Every single line below has to be printed once more, exactly.
───── RECORDS
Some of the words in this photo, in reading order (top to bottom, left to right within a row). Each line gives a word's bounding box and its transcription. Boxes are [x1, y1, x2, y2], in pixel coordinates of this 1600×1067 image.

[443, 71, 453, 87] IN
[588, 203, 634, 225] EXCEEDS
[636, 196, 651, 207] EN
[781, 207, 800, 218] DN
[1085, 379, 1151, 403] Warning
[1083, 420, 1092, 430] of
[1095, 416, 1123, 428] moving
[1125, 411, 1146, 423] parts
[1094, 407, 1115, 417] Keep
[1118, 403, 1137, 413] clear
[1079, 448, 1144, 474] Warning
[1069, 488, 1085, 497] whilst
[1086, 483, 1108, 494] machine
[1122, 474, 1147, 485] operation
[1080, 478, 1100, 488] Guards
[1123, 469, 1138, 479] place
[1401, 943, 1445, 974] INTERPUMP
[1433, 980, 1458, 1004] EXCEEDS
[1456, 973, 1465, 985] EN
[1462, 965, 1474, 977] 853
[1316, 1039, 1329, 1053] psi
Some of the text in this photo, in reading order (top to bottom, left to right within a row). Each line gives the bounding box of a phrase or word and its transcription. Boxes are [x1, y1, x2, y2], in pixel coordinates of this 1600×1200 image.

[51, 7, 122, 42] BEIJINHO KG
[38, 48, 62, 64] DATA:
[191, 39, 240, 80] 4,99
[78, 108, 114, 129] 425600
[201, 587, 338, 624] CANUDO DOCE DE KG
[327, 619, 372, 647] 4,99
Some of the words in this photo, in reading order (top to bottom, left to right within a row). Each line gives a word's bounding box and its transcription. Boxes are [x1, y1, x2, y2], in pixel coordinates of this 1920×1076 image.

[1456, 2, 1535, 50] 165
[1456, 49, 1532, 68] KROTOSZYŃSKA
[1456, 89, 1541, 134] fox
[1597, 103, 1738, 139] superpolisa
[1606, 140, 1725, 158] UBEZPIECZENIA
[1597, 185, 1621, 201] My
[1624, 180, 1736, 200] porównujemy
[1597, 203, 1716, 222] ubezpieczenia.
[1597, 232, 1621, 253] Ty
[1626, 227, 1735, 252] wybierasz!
──────────
* _OUTPUT FOR THIS EXERCISE_
Some of the words in this photo, in reading order (top to bottom, left to right within a row). Each line gives a word's bounding box and its transcription. Boxes are [x1, y1, x2, y2], in pixel coordinates of this 1600×1067 image.

[443, 71, 453, 87] IN
[588, 203, 634, 225] EXCEEDS
[636, 196, 651, 207] EN
[781, 207, 800, 218] DN
[1085, 379, 1151, 403] Warning
[1083, 420, 1092, 430] of
[1095, 416, 1123, 428] moving
[1125, 411, 1146, 423] parts
[1094, 407, 1115, 417] Keep
[1118, 403, 1137, 413] clear
[1079, 448, 1144, 474] Warning
[1069, 488, 1085, 497] whilst
[1086, 483, 1108, 494] machine
[1122, 474, 1147, 485] operation
[1080, 478, 1100, 488] Guards
[1123, 469, 1138, 479] place
[1401, 943, 1445, 974] INTERPUMP
[1433, 980, 1458, 1004] EXCEEDS
[1456, 973, 1465, 985] EN
[1462, 965, 1474, 977] 853
[1316, 1039, 1329, 1053] psi
Some of the text in this photo, in reading order (top to bottom, left to right within a row). Each line gives the bounding box of a phrase or word and its transcription. Boxes are [x1, y1, x2, y2], in pixel coordinates of this 1600×1200 image.

[51, 7, 122, 42] BEIJINHO KG
[38, 48, 62, 64] DATA:
[191, 39, 240, 80] 4,99
[78, 108, 114, 129] 425600
[201, 587, 338, 624] CANUDO DOCE DE KG
[327, 619, 372, 647] 4,99
Some of the words in this photo, in reading order (top to bottom, left to right within a row). Each line gives a word's bounding box and its transcription. Boxes are [x1, y1, x2, y2], in pixel coordinates of this 1920×1076 image.

[1456, 2, 1535, 50] 165
[1456, 49, 1532, 68] KROTOSZYŃSKA
[1456, 89, 1541, 134] fox
[1597, 103, 1738, 139] superpolisa
[1606, 140, 1725, 158] UBEZPIECZENIA
[1597, 185, 1621, 201] My
[1624, 180, 1736, 200] porównujemy
[1597, 203, 1716, 222] ubezpieczenia.
[1597, 232, 1621, 253] Ty
[1626, 227, 1735, 252] wybierasz!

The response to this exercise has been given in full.